[Data entries]
——————————

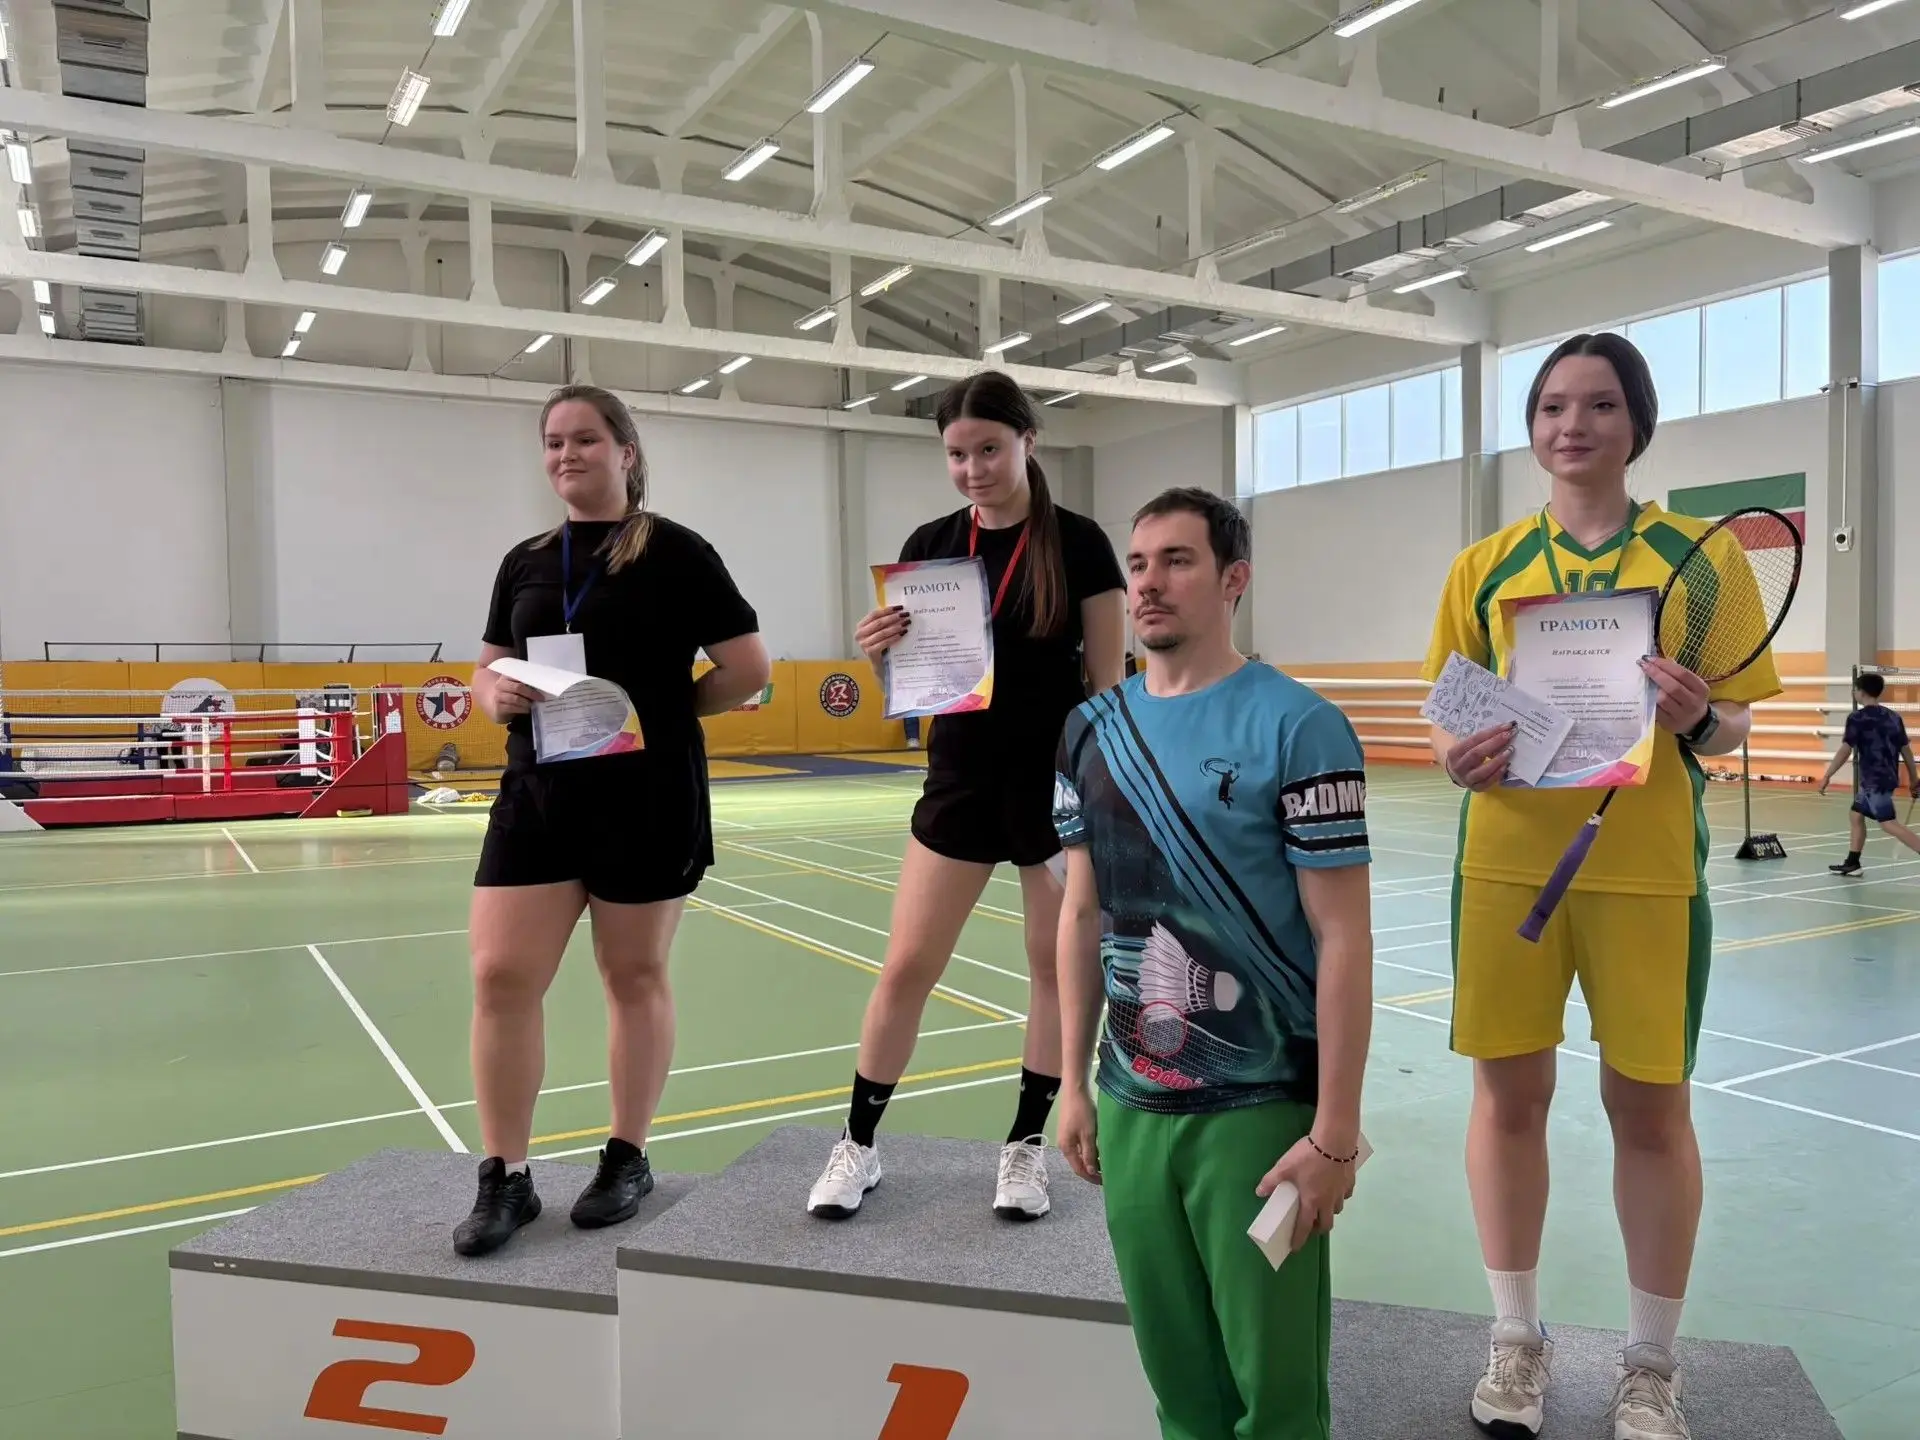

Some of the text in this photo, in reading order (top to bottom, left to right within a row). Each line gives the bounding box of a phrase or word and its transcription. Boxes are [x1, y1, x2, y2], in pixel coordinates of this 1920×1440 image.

[903, 581, 961, 596] ГРАМОТА
[1540, 617, 1620, 632] ГРАМОТА
[425, 717, 463, 729] САМБО
[303, 1318, 476, 1436] 2
[877, 1362, 970, 1440] 1

——————————

§ **Task details**:
Each entry above is to be written out again unchanged, apart from the pictures, which are left out.

§ **Reply to the exercise**:
Some of the text in this photo, in reading order (top to bottom, left to right within a row). Each line gives the bounding box of a phrase or word and its transcription. Boxes are [x1, y1, x2, y2], in pixel coordinates of this 1920×1440 image.

[903, 581, 961, 596] ГРАМОТА
[1540, 617, 1620, 632] ГРАМОТА
[425, 717, 463, 729] САМБО
[303, 1318, 476, 1436] 2
[877, 1362, 970, 1440] 1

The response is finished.